Su villa natal se volcó en el acto, organizado por el programa cultural Bravo Asturianísimo, con presencia no sólo de numerosas entidades, como la Asociación de Festejos San Justo, la Asociación San Justo Pastor, la ya citada Castiello de La Marina, la de San Miguel de Arroes, la Sociedad Cultural Recreativa Clarín, de Quintes, o la Asociación Cuídome-Cuídame (que actuó para él), sino, también, del propio Consistorio, representado en la persona de su teniente de alcalde, Juan Basilio González.
Entre todos, agradecidos «por más de 30 años de información de la villa y Les Mariñes», consiguieron lo que parecía imposible: que al imperturbable Caso, que lo mismo informa de las fiestas de El Portal que del Festival de la Llámpara o de la última polémica política, sin olvidar a su Quintueles del alma, le temblaran las manos (entre las que no estaba su sempiterno farias), la voz y hasta el lagrimal.

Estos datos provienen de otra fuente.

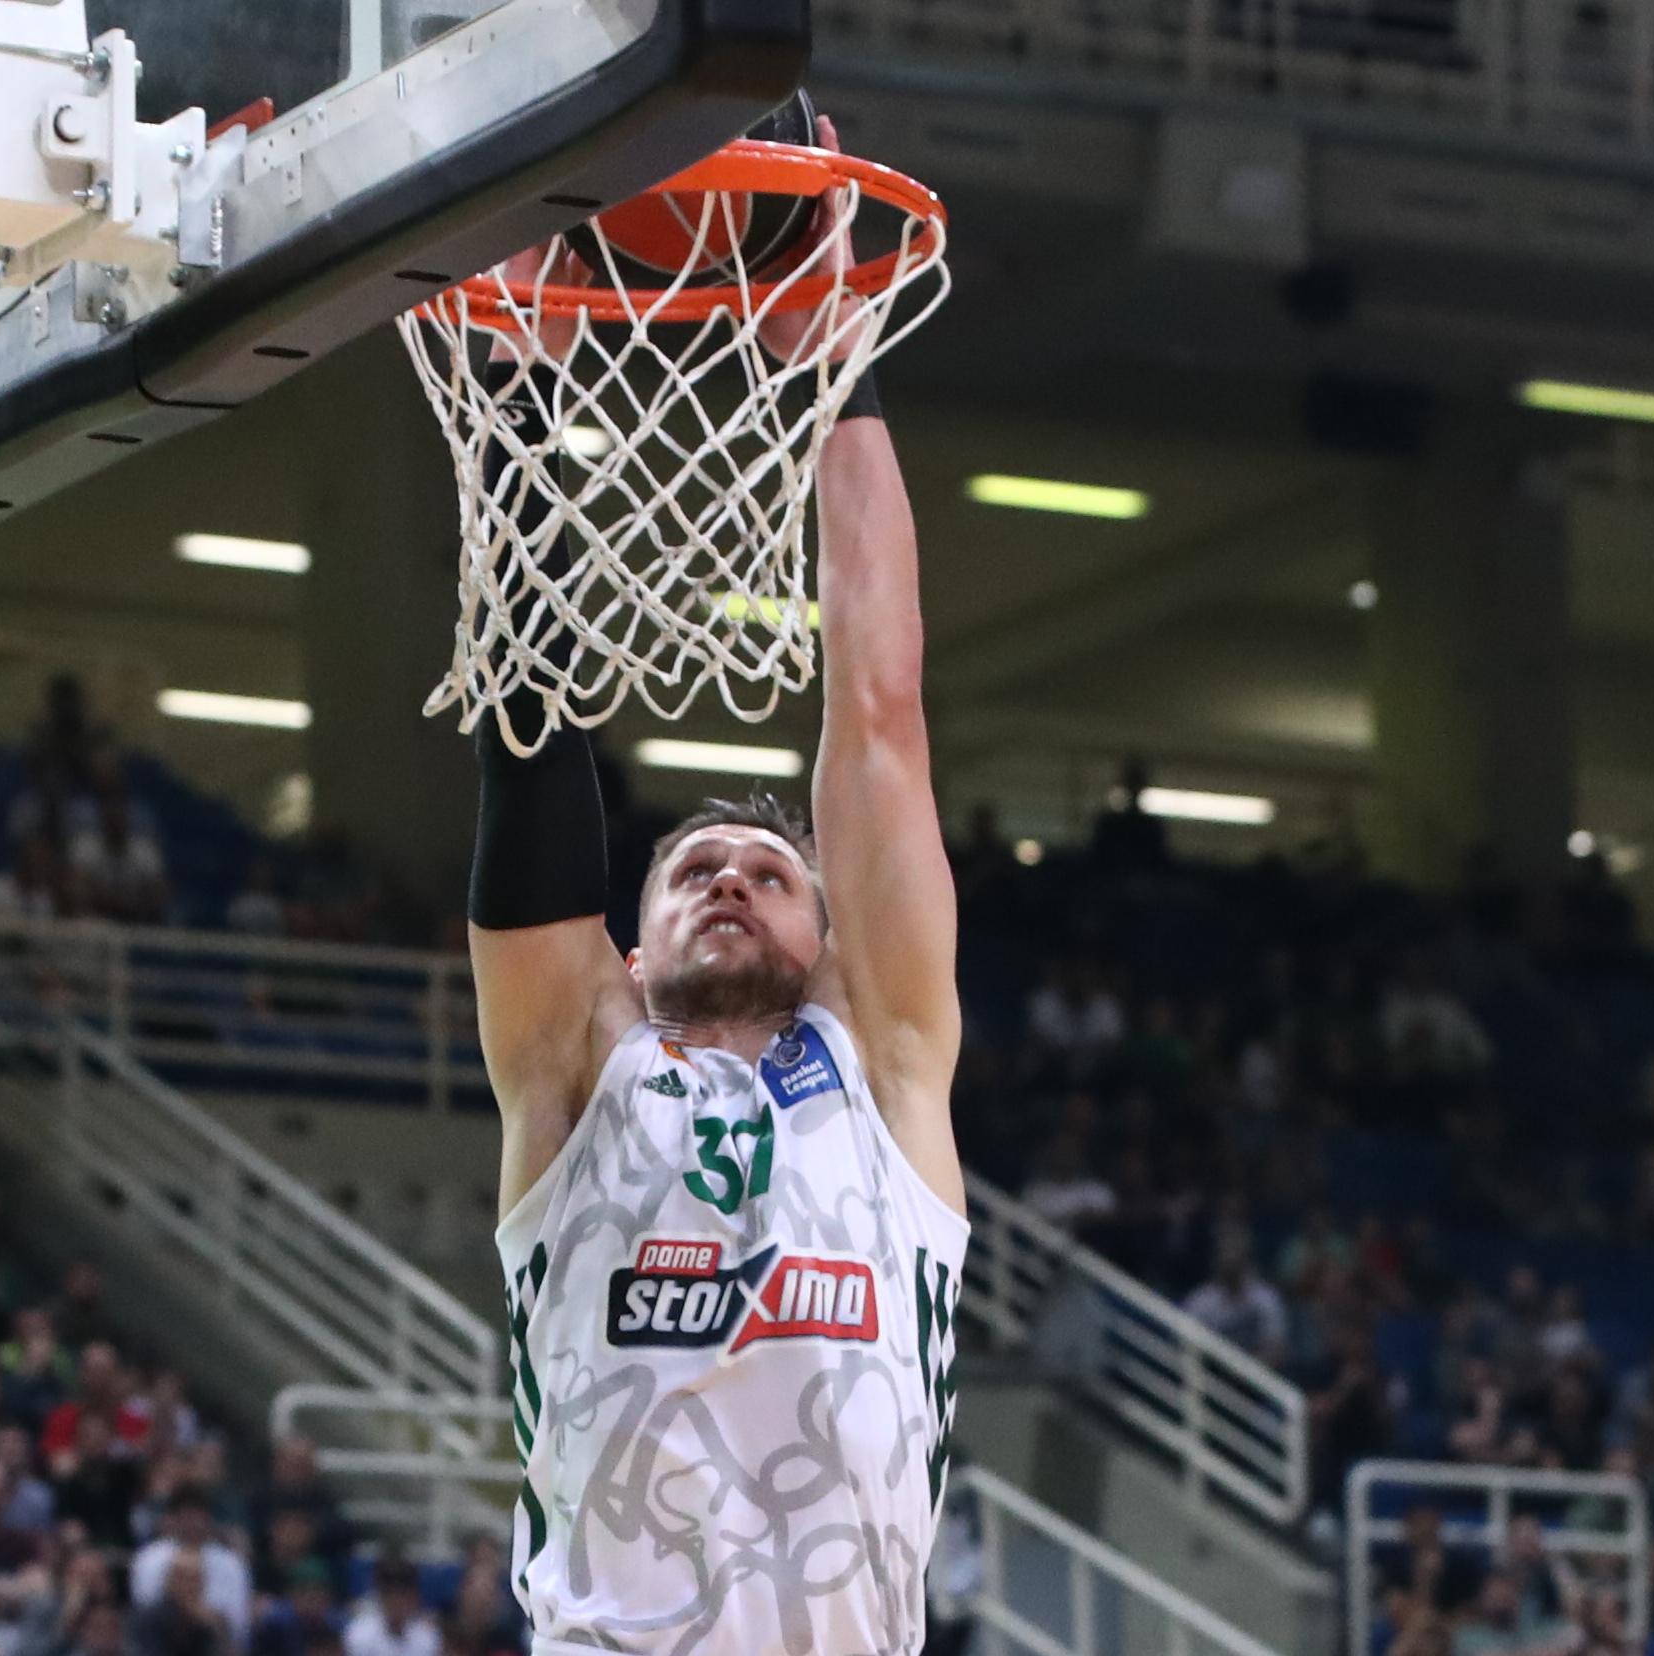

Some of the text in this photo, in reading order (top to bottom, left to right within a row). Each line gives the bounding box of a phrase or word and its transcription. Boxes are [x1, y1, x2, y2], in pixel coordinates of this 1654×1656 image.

Y no es cosa fácil lograr esto en un hombre, como recordó el director del programa, Gonzalo Mieres, al realizar la semblanza del homenajeado, que «conoce bien las tablas», ya que hizo sus pinitos como actor y triunfó como cantante, una pasión de la que, bromeó, «le apartó Menchu Álvarez del Valle (la abuela de la Princesa Letizia) cuando no le dio el primer premio de un concurso por dedicar su actuación». A pesar de los reiterados intentos de la organización de que quien firma como L. Caso entonase alguno de los corridos mexicanos que le hicieron famoso como El Charro Negro, el cronista maliayo aguantó el tipo: «Ya no tengo voz para hacerlo».
Pitillos a escondidas
De hecho, haciendo gala de su proverbial timidez, Caso, como se le conoce en esta casa, empezó su discurso diciendo que «si he sido un mediocre cronista, imaginaos lo que puedo ser hablando...» frase que la concurrencia no le dejó terminar, al arroparle con un gran aplauso. Agradeció Luis un homenaje del que dijo, sin rastro de falsa modestia, «que no merezco y que, si lo he aceptado, es por respeto a todas estas personas que han querido organizarlo».
Trofeos (de Bravo Asturianísimo y de EL COMERCIO), placas (de los ayuntamientos de Gijón y de Villaviciosa), cuadros, insignias y hasta plantas fueron siendo colocadas a los pies de un emocionado Caso, que se apoyaba fuertemente en su puntal desde 1961, su mujer Ana Cardeli, que le acompañó en el escenario del Jovellanos, mientras en la primera fila del patio de butacas hacían lo propio su hija, Ana María, y sus nietos, Chus y Javier.
Pero no todo fueron regalos. El primer teniente de alcalde maliayo, que no sólo le nombró «maestro cronista», sino que ofreció el remodelado Teatro Riera «para acoger Bravo Asturianísimo en cuanto abra sus puertas de nuevo», dio la exclusiva que Caso quería ocultar. «Que me perdone su mujer, pero todos los días disfruto de la compañía de Caso que, mientras fumamos, me ilustra sobre la historia de la villa», confesó. No sabemos si Ana le perdonó. Tampoco si lo hizo Caso.